[jira] [Commented] (CURATOR-87) new LeaderLatch "jitters" after network outage

Evaristo (JIRA) Fri, 23 May 2014 14:40:21 -0700

    [ 
https://issues.apache.org/jira/browse/CURATOR-87?page=com.atlassian.jira.plugin.system.issuetabpanels:comment-tabpanel&focusedCommentId=14007745#comment-14007745
 ]


Evaristo commented on CURATOR-87:
---------------------------------

Hi there,

In my opinion this test is not following the API contract

LeaderLatch does not require to be closed when connection with ZK is closed. 
You can use ConnectionListener to track that errors, and once you are 
reconnected the same LeaderLatch can be used.

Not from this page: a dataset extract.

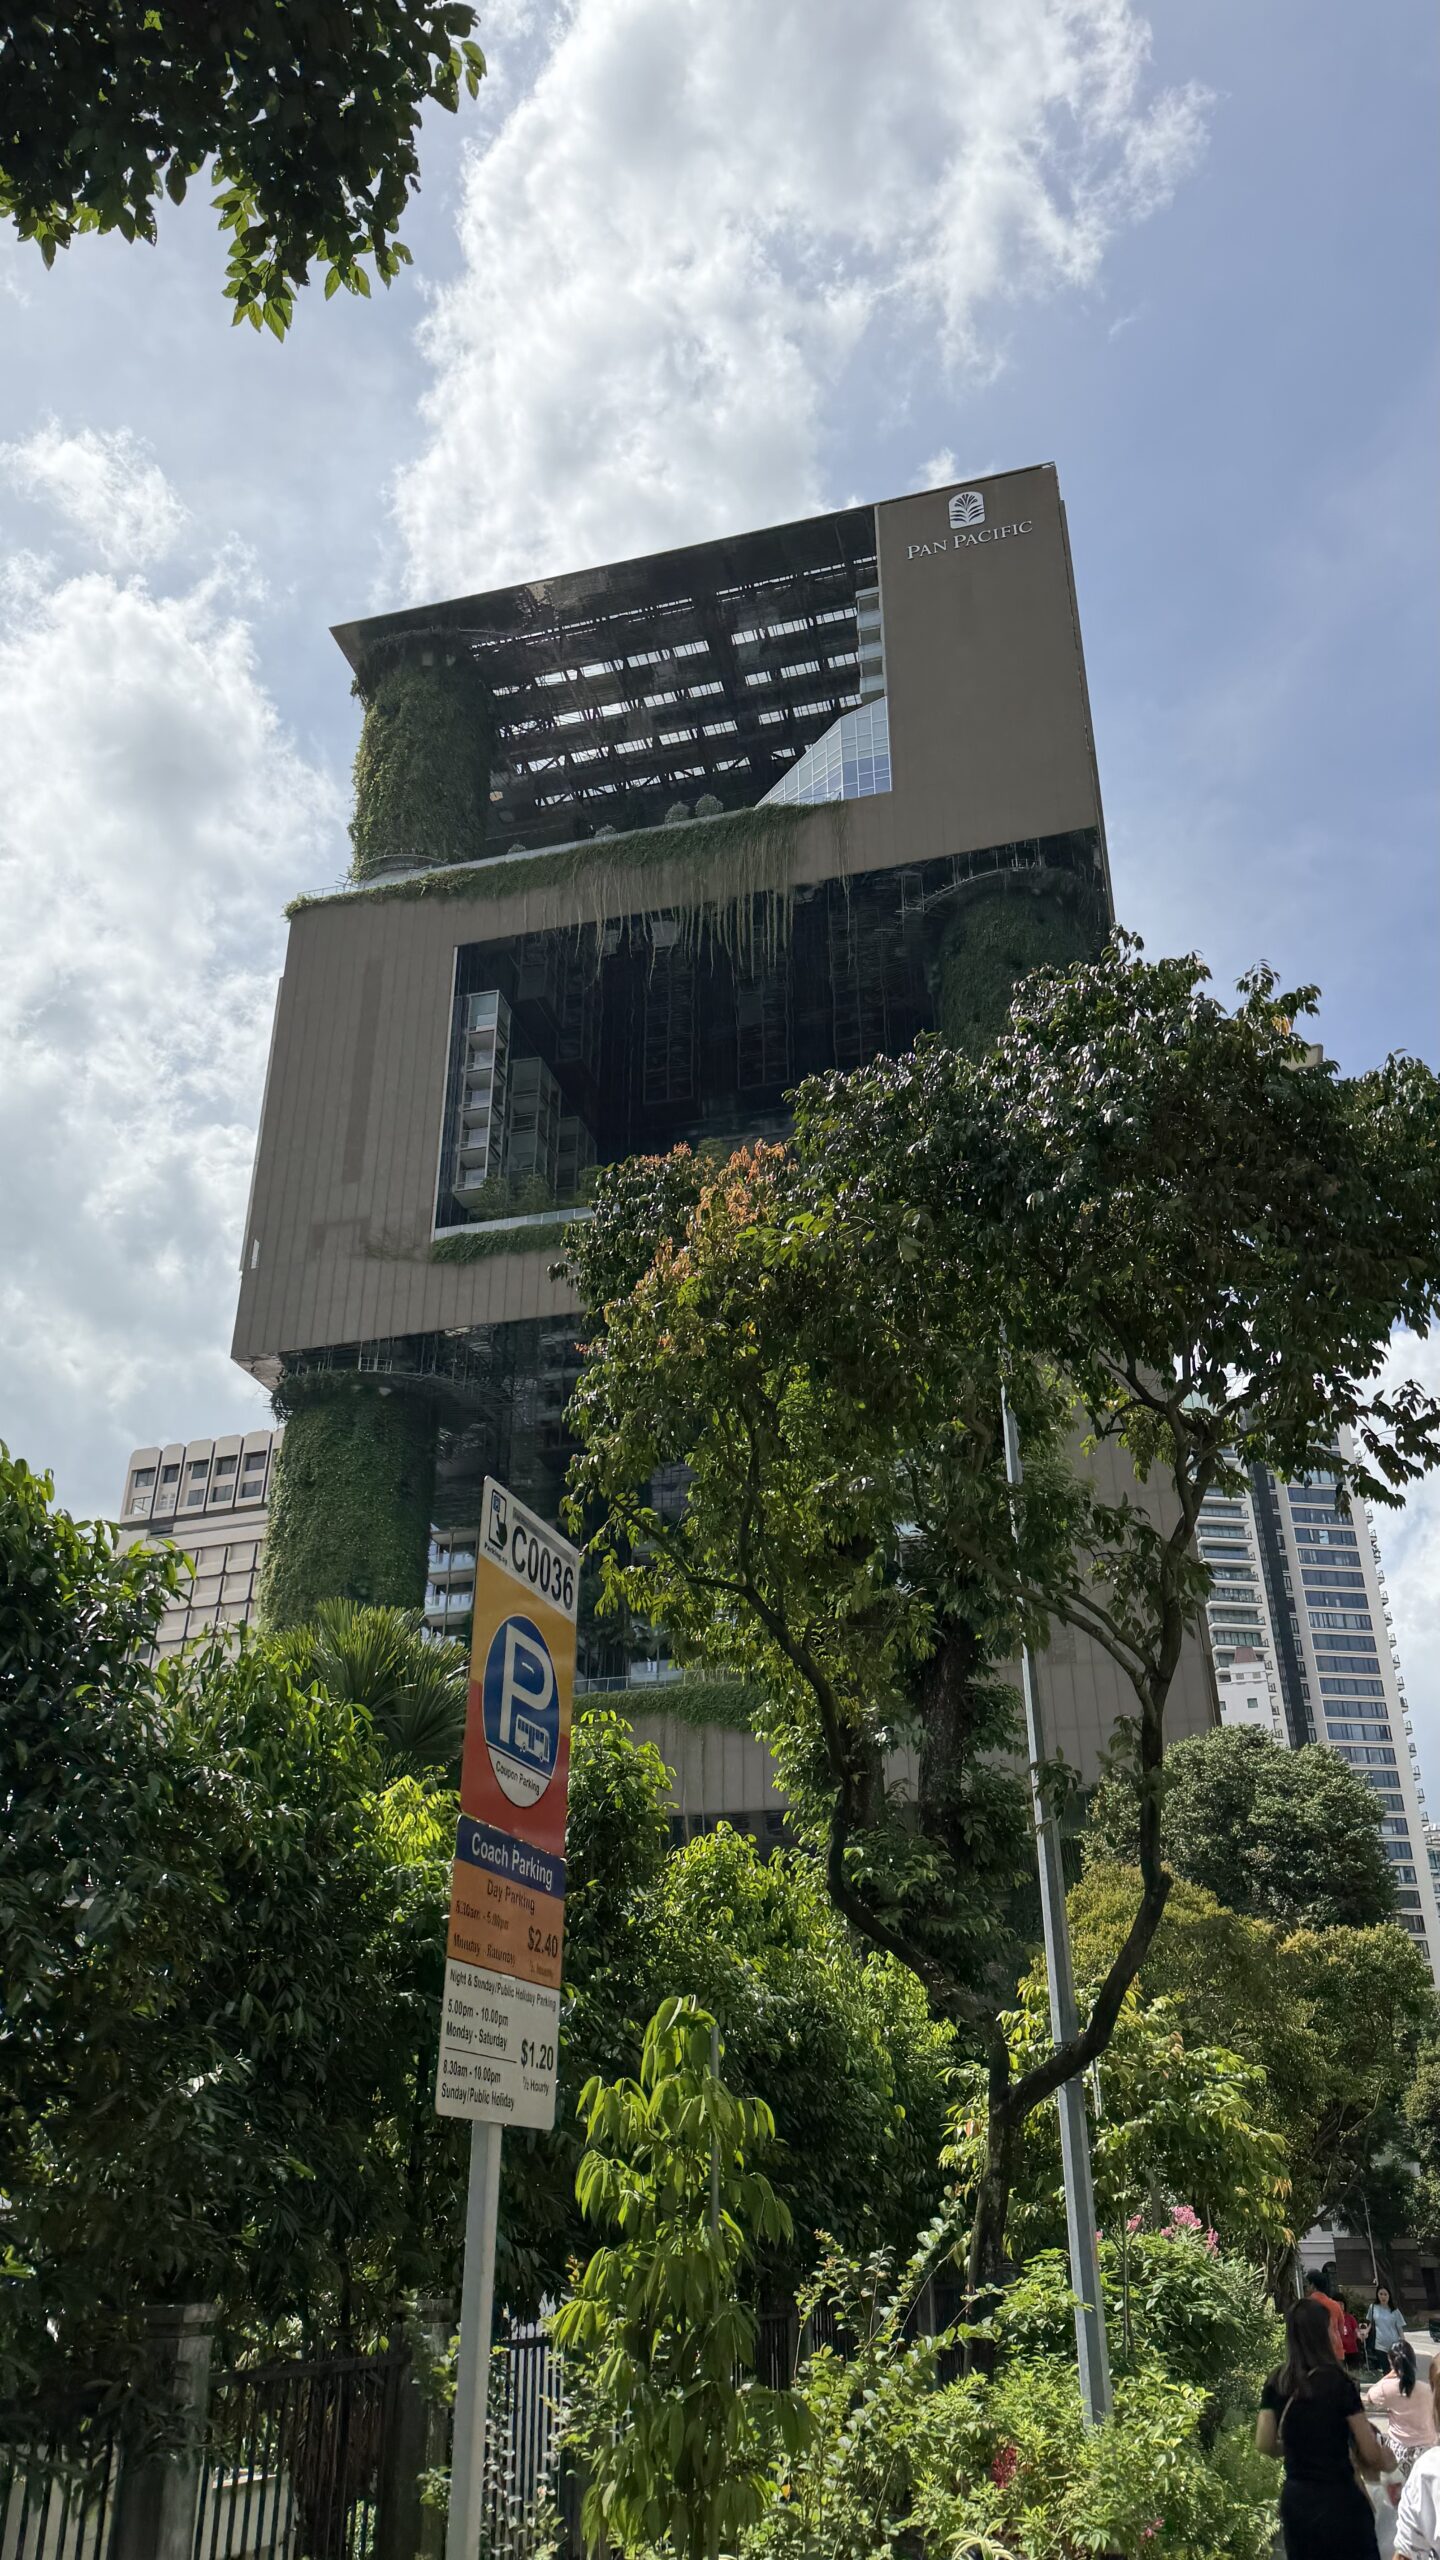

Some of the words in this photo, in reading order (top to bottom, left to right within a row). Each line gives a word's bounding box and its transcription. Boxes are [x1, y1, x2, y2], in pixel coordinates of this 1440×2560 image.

I created a test similar to your test without closing the latch and the etst is 
always passed

        @Test
        public void leaderLatchJittersBis() throws Exception {
                TestingServer server = new TestingServer();
                CuratorFramework zkClient = 
CuratorFrameworkFactory.newClient(server.getConnectString(),
                                new ExponentialBackoffRetry(1000, 3));
                zkClient.start();
                LeaderLatch leaderLatch = new LeaderLatch(zkClient, 
"/path/to/lock");
                final AtomicInteger numIsLeader = new AtomicInteger(0);
                final AtomicInteger numNotLeader = new AtomicInteger(0);
                LeaderLatchListener lll = new LeaderLatchListener() {
                        @Override
                        public void isLeader()
                        { System.out.println("isLeader called"); 
numIsLeader.incrementAndGet(); }
                        @Override
                        public void notLeader()
                        { System.out.println("notLeader called"); 
numNotLeader.incrementAndGet(); }
                };
                leaderLatch.addListener(lll, 
MoreExecutors.sameThreadExecutor());
                leaderLatch.start();
                leaderLatch.await();
                assertTrue(leaderLatch.hasLeadership());
                assertEquals(1, numIsLeader.get());
                assertEquals(0, numNotLeader.get());
                // Shut down the server, wait for us to lose the lock, then 
restart
                File zkTmpDir = server.getTempDirectory();
                int zkServerPort = server.getPort();
                server.stop();
                while (leaderLatch.hasLeadership())
                { System.out.println("Waiting for curator to notice it's not 
the leader"); Thread.sleep(100); }
                System.out.println("Curator has noticed that it is no longer 
the leader");
                assertEquals(1, numNotLeader.get());
                assertEquals(1, numIsLeader.get());
                // Restart ZooKeeper
                server = new TestingServer(zkServerPort, zkTmpDir);
                
                System.out.println("Trying to regain leadership");
                leaderLatch.await();
                System.out.println("We have regained leadership");
                // Wait so we have time to observe the "jitter"
                Thread.sleep(100);
                assertTrue(leaderLatch.hasLeadership());
                // Bug here. numIsLeader == 3
                assertEquals(2, numIsLeader.get());
                // Bug here too, numNotLeader == 2
                assertEquals(1, numNotLeader.get());
                System.out.println("calling leaderLatch.close");
                leaderLatch.close();
        }


On the other hand, your original test is always passing to me if I add a 
Thread.sleep(100)

                leaderLatch.close();
                Thread.sleep(100);
                // Restart ZooKeeper
                server = new TestingServer(zkServerPort, zkTmpDir);


My feeling is that your test is generating some kind of "artiificial"  race 
condition. close() method for the LeaderLatch is calling background operations 
so you can see that as an async operation.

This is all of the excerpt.